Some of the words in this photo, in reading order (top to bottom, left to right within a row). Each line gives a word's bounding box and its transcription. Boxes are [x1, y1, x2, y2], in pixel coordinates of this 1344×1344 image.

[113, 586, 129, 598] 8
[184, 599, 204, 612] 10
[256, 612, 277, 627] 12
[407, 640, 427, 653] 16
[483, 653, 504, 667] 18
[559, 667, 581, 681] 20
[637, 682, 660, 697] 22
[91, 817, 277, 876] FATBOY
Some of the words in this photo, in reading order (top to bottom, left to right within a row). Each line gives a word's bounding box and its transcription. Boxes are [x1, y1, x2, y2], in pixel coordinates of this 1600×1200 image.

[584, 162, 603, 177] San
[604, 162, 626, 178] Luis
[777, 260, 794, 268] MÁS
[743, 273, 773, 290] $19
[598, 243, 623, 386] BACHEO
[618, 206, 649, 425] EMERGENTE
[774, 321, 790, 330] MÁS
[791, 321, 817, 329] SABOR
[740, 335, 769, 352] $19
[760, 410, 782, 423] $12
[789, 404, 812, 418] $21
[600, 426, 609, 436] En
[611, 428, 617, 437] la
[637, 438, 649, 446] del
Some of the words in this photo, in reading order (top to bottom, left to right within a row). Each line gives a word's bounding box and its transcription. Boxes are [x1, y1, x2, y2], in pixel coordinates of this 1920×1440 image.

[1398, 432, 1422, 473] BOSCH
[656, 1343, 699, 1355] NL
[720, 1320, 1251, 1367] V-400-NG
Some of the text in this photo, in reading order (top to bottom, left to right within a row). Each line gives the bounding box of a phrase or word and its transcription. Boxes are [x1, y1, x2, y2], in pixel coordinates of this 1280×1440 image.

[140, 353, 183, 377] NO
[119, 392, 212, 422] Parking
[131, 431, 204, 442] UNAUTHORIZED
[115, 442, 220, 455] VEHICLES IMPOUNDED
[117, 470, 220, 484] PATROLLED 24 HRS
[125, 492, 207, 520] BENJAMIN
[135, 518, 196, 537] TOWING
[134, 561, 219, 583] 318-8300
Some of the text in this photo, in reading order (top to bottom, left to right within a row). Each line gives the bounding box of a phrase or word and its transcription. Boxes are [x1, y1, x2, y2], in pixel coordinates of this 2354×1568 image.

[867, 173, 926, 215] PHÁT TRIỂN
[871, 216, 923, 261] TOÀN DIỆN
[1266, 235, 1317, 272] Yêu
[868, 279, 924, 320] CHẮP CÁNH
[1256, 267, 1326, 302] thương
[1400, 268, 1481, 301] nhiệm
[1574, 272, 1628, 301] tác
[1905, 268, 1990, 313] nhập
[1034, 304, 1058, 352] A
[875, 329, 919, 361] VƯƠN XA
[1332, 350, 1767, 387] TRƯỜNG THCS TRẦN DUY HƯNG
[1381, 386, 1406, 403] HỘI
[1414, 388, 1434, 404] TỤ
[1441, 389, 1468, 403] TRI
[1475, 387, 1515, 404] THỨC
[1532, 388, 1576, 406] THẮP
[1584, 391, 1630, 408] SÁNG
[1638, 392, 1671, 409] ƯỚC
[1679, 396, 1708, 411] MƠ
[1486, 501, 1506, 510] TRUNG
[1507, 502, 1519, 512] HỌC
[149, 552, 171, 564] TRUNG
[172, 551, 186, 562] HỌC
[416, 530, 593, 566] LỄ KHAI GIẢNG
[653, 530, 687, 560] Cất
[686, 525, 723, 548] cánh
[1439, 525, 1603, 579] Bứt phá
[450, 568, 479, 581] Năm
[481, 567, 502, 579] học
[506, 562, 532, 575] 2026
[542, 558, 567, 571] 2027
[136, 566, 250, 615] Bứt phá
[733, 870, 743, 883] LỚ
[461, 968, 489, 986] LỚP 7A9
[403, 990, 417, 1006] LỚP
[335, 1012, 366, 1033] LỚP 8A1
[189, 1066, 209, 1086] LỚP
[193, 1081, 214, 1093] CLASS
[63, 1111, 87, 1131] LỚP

⁂

▶ [PROMPT]
Would you transcribe all of the data, keeping each line exact?

▶ [ANSWER FOR THIS EXERCISE]
Some of the words in this photo, in reading order (top to bottom, left to right within a row). Each line gives a word's bounding box and its transcription. Boxes are [x1, y1, x2, y2], in pixel coordinates of this 1344×1344 image.

[113, 586, 129, 598] 8
[184, 599, 204, 612] 10
[256, 612, 277, 627] 12
[407, 640, 427, 653] 16
[483, 653, 504, 667] 18
[559, 667, 581, 681] 20
[637, 682, 660, 697] 22
[91, 817, 277, 876] FATBOY
Some of the words in this photo, in reading order (top to bottom, left to right within a row). Each line gives a word's bounding box and its transcription. Boxes are [x1, y1, x2, y2], in pixel coordinates of this 1600×1200 image.

[584, 162, 603, 177] San
[604, 162, 626, 178] Luis
[777, 260, 794, 268] MÁS
[743, 273, 773, 290] $19
[598, 243, 623, 386] BACHEO
[618, 206, 649, 425] EMERGENTE
[774, 321, 790, 330] MÁS
[791, 321, 817, 329] SABOR
[740, 335, 769, 352] $19
[760, 410, 782, 423] $12
[789, 404, 812, 418] $21
[600, 426, 609, 436] En
[611, 428, 617, 437] la
[637, 438, 649, 446] del
Some of the words in this photo, in reading order (top to bottom, left to right within a row). Each line gives a word's bounding box and its transcription. Boxes are [x1, y1, x2, y2], in pixel coordinates of this 1920×1440 image.

[1398, 432, 1422, 473] BOSCH
[656, 1343, 699, 1355] NL
[720, 1320, 1251, 1367] V-400-NG
Some of the text in this photo, in reading order (top to bottom, left to right within a row). Each line gives the bounding box of a phrase or word and its transcription. Boxes are [x1, y1, x2, y2], in pixel coordinates of this 1280×1440 image.

[140, 353, 183, 377] NO
[119, 392, 212, 422] Parking
[131, 431, 204, 442] UNAUTHORIZED
[115, 442, 220, 455] VEHICLES IMPOUNDED
[117, 470, 220, 484] PATROLLED 24 HRS
[125, 492, 207, 520] BENJAMIN
[135, 518, 196, 537] TOWING
[134, 561, 219, 583] 318-8300
Some of the text in this photo, in reading order (top to bottom, left to right within a row). Each line gives the bounding box of a phrase or word and its transcription. Boxes are [x1, y1, x2, y2], in pixel coordinates of this 2354×1568 image.

[867, 173, 926, 215] PHÁT TRIỂN
[871, 216, 923, 261] TOÀN DIỆN
[1266, 235, 1317, 272] Yêu
[868, 279, 924, 320] CHẮP CÁNH
[1256, 267, 1326, 302] thương
[1400, 268, 1481, 301] nhiệm
[1574, 272, 1628, 301] tác
[1905, 268, 1990, 313] nhập
[1034, 304, 1058, 352] A
[875, 329, 919, 361] VƯƠN XA
[1332, 350, 1767, 387] TRƯỜNG THCS TRẦN DUY HƯNG
[1381, 386, 1406, 403] HỘI
[1414, 388, 1434, 404] TỤ
[1441, 389, 1468, 403] TRI
[1475, 387, 1515, 404] THỨC
[1532, 388, 1576, 406] THẮP
[1584, 391, 1630, 408] SÁNG
[1638, 392, 1671, 409] ƯỚC
[1679, 396, 1708, 411] MƠ
[1486, 501, 1506, 510] TRUNG
[1507, 502, 1519, 512] HỌC
[149, 552, 171, 564] TRUNG
[172, 551, 186, 562] HỌC
[416, 530, 593, 566] LỄ KHAI GIẢNG
[653, 530, 687, 560] Cất
[686, 525, 723, 548] cánh
[1439, 525, 1603, 579] Bứt phá
[450, 568, 479, 581] Năm
[481, 567, 502, 579] học
[506, 562, 532, 575] 2026
[542, 558, 567, 571] 2027
[136, 566, 250, 615] Bứt phá
[733, 870, 743, 883] LỚ
[461, 968, 489, 986] LỚP 7A9
[403, 990, 417, 1006] LỚP
[335, 1012, 366, 1033] LỚP 8A1
[189, 1066, 209, 1086] LỚP
[193, 1081, 214, 1093] CLASS
[63, 1111, 87, 1131] LỚP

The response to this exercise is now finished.